(EXERCISE MATERIAL begins)

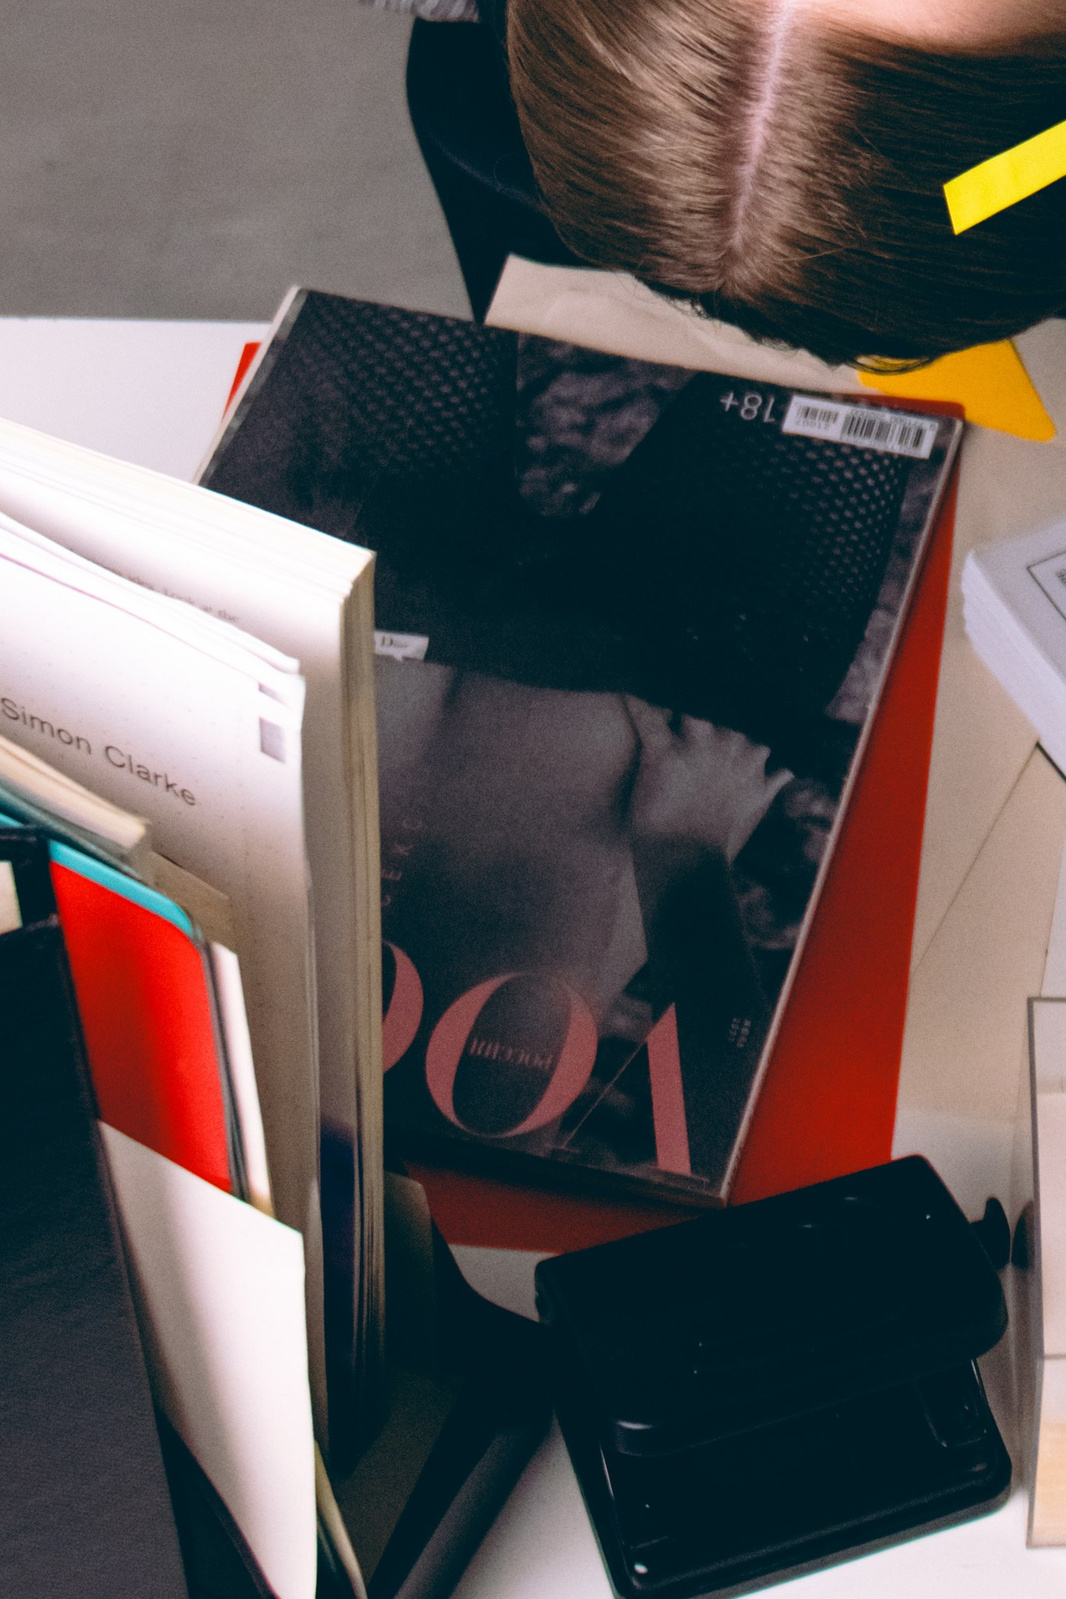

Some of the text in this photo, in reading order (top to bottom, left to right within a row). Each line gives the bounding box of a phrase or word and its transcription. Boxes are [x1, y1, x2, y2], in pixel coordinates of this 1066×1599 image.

[720, 391, 776, 423] 18+
[1, 698, 196, 807] Simon Clarke
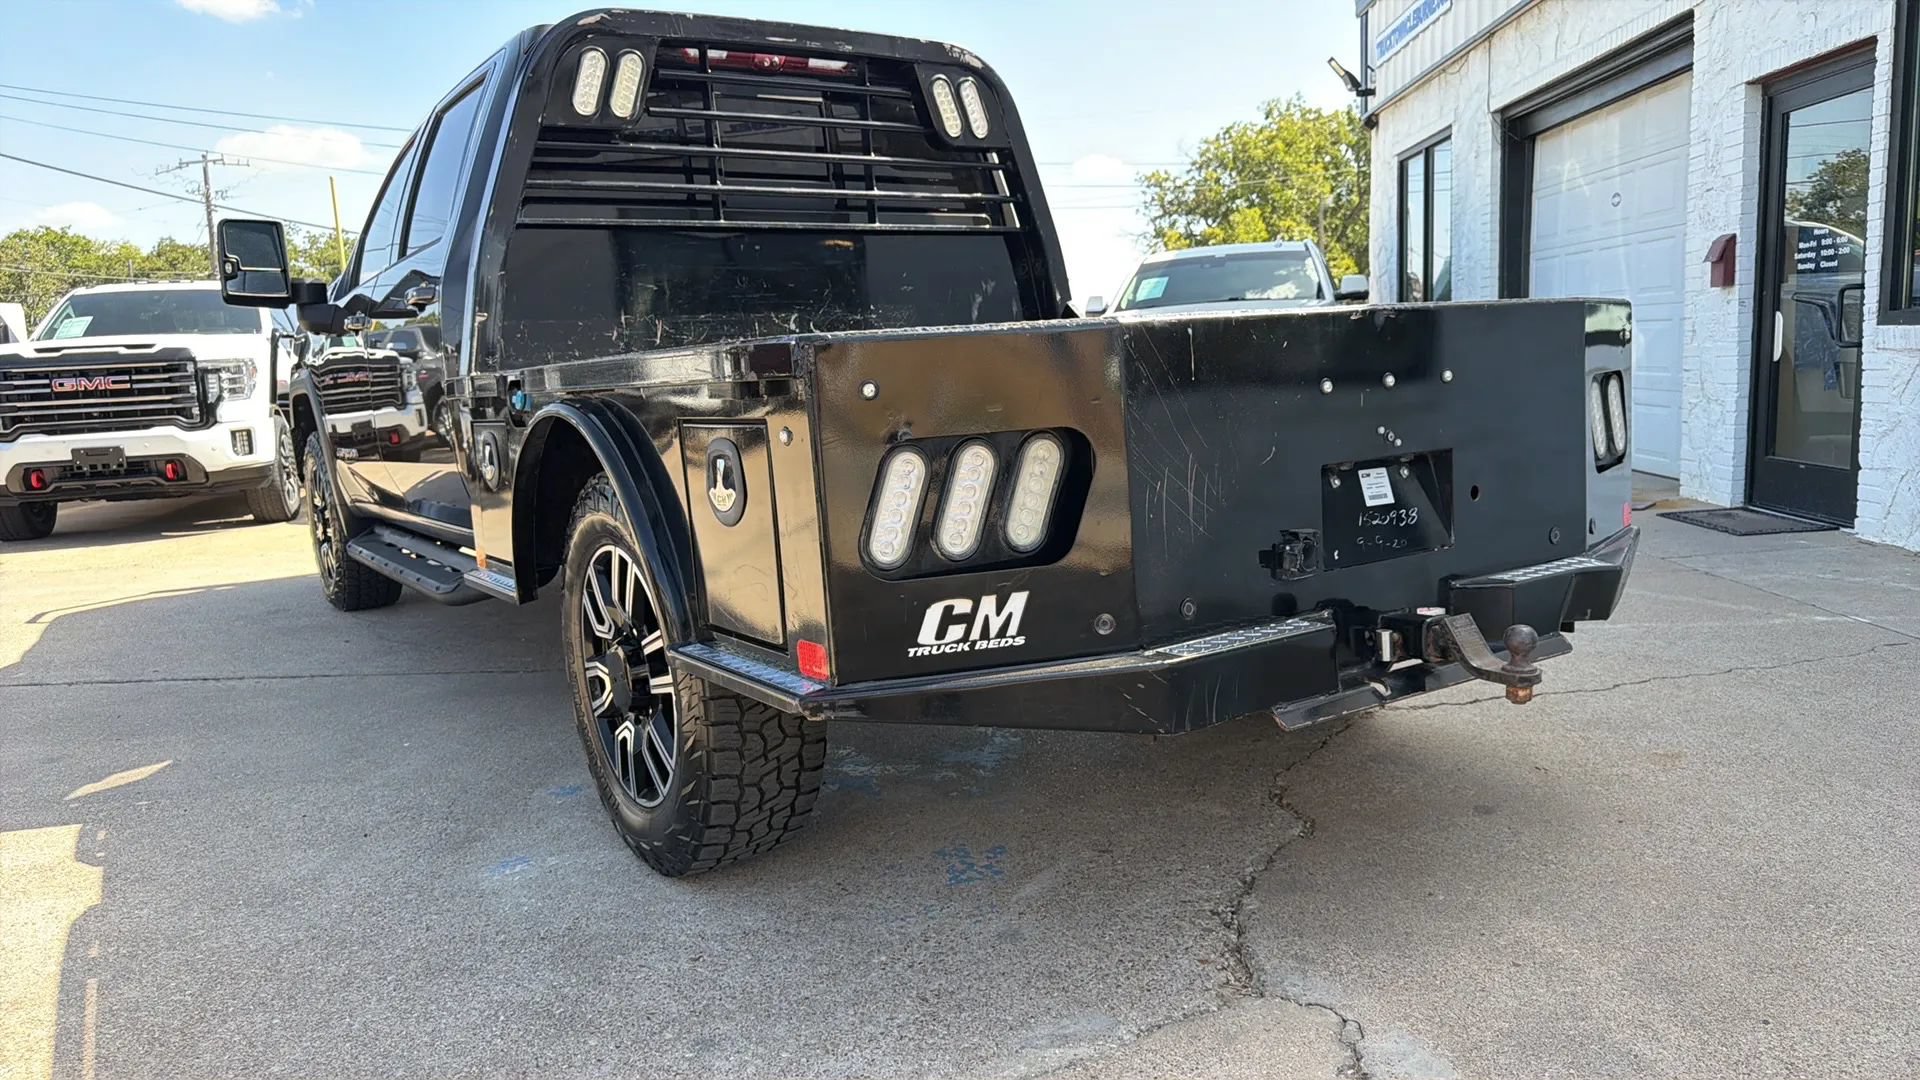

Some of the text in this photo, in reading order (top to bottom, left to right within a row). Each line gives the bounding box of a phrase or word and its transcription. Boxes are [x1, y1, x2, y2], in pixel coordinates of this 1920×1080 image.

[51, 375, 131, 392] GMC
[917, 590, 1030, 646] CM
[907, 635, 1027, 658] TRUCK BEDS
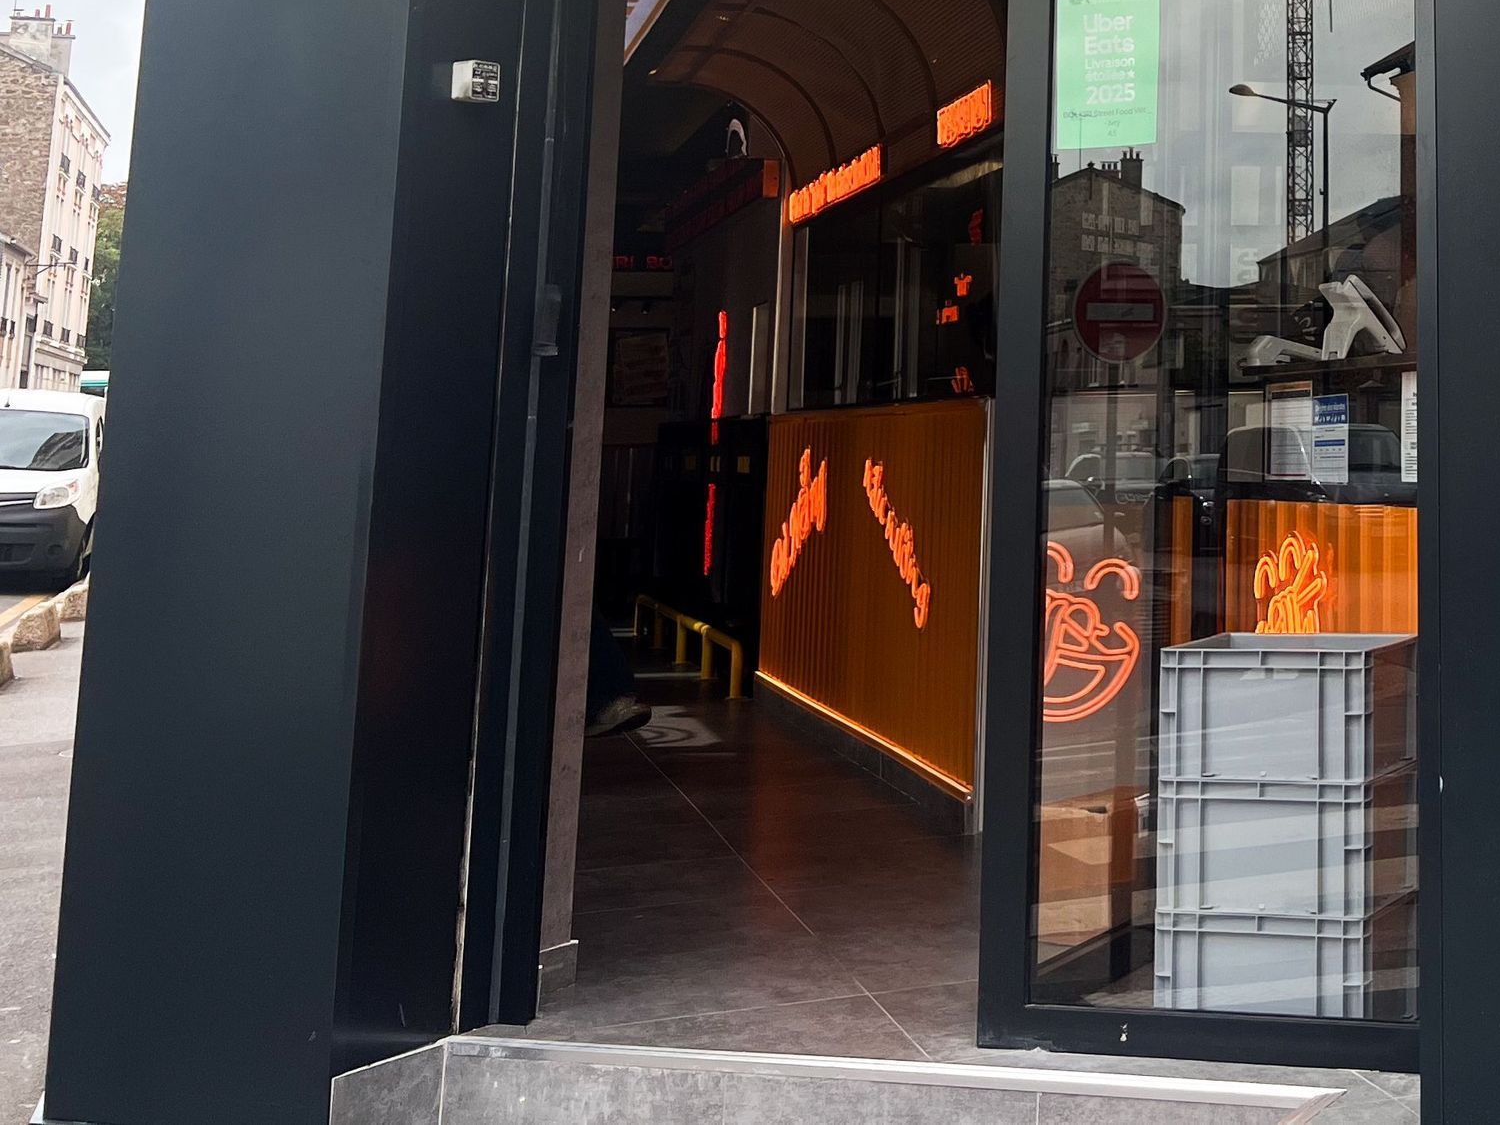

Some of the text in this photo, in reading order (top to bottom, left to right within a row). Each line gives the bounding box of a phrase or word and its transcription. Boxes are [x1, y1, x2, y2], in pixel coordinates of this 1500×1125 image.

[1083, 13, 1134, 33] Uber
[1084, 35, 1136, 55] Eats
[1086, 82, 1136, 105] 2025
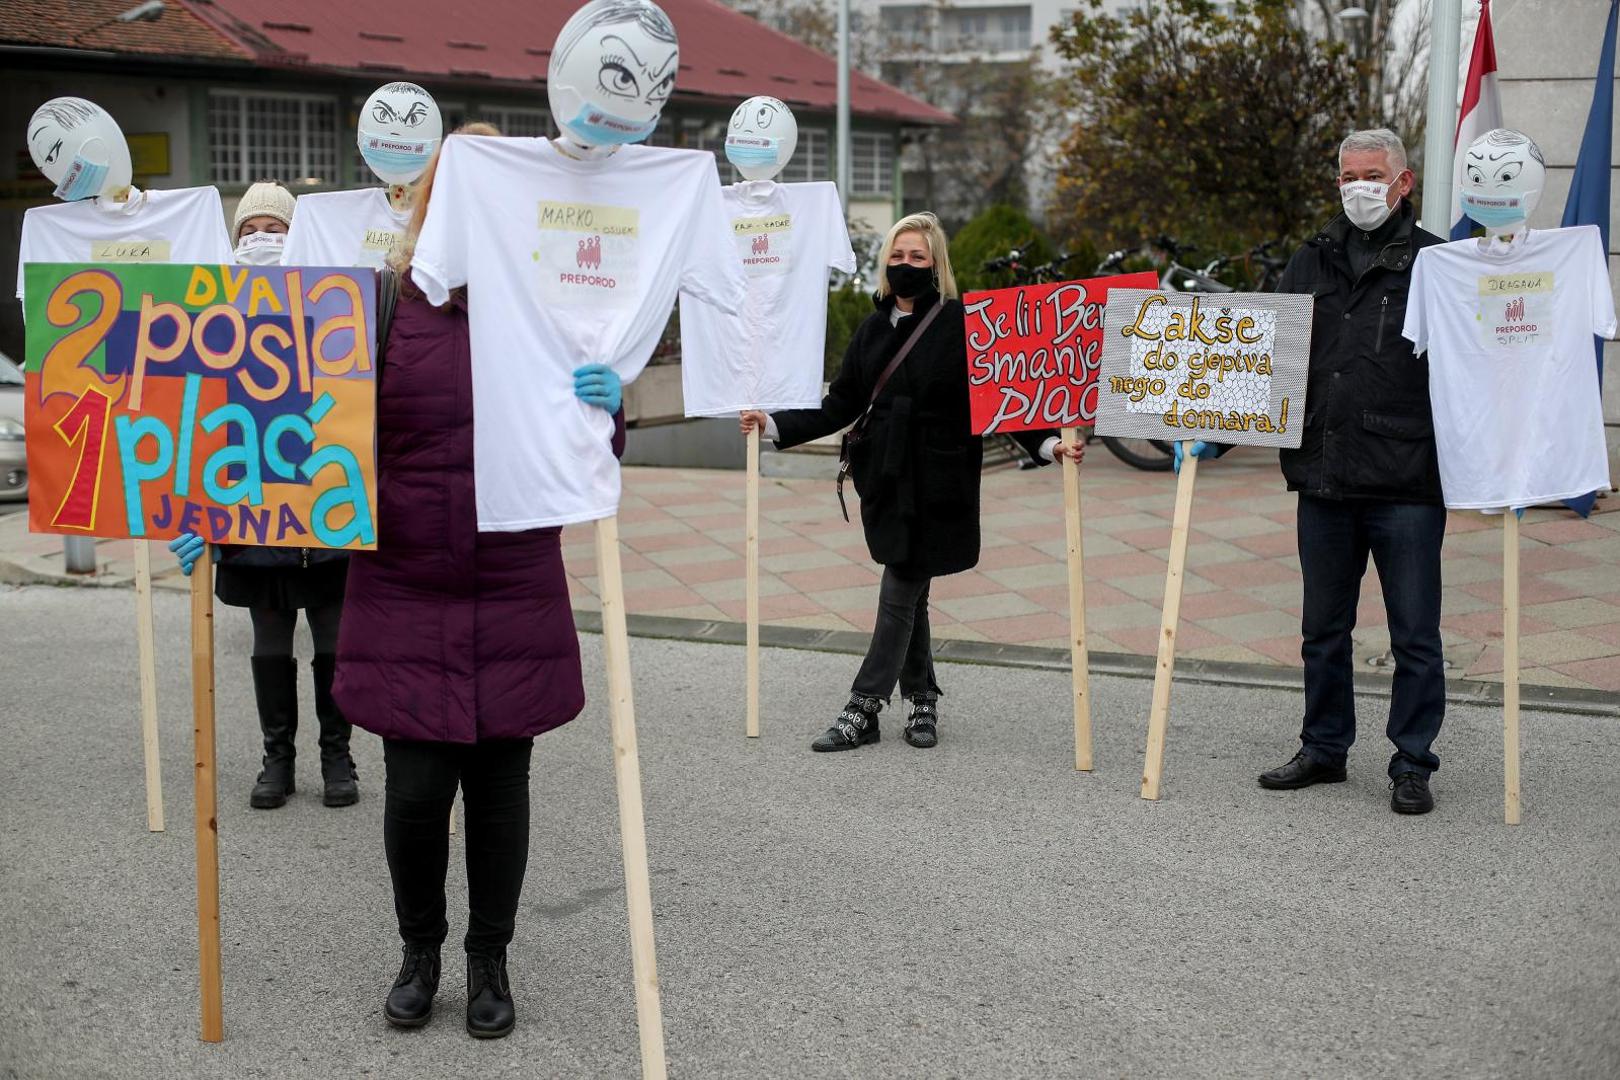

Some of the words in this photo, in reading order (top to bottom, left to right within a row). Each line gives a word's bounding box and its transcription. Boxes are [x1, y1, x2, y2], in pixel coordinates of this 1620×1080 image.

[541, 206, 594, 228] MARKO
[101, 246, 150, 257] LUKA
[743, 256, 780, 265] PREPOROD
[184, 264, 283, 317] DVA
[560, 273, 616, 289] PREPOROD
[1121, 294, 1264, 346] Lakše
[1496, 324, 1538, 334] PREPOROD
[40, 269, 128, 409] 2
[127, 269, 372, 411] posla
[1497, 333, 1541, 345] SPLIT
[1143, 340, 1179, 371] do
[1109, 374, 1167, 402] nego
[1177, 377, 1211, 400] do
[1163, 396, 1290, 434] domara!
[52, 383, 112, 531] 1
[114, 372, 375, 548] plaća
[152, 494, 308, 545] JEDNA

(EXERCISE MATERIAL ends)

▶ ABOUT THIS EXERCISE
Would you retype the lines of the data above, from the one holding "Some of the words" through its final line, exactly and without adding any other line?

▶ ANSWER TO THE EXERCISE
Some of the words in this photo, in reading order (top to bottom, left to right within a row). Each line gives a word's bounding box and its transcription. Boxes are [x1, y1, x2, y2], in pixel coordinates of this 1620×1080 image.

[541, 206, 594, 228] MARKO
[101, 246, 150, 257] LUKA
[743, 256, 780, 265] PREPOROD
[184, 264, 283, 317] DVA
[560, 273, 616, 289] PREPOROD
[1121, 294, 1264, 346] Lakše
[1496, 324, 1538, 334] PREPOROD
[40, 269, 128, 409] 2
[127, 269, 372, 411] posla
[1497, 333, 1541, 345] SPLIT
[1143, 340, 1179, 371] do
[1109, 374, 1167, 402] nego
[1177, 377, 1211, 400] do
[1163, 396, 1290, 434] domara!
[52, 383, 112, 531] 1
[114, 372, 375, 548] plaća
[152, 494, 308, 545] JEDNA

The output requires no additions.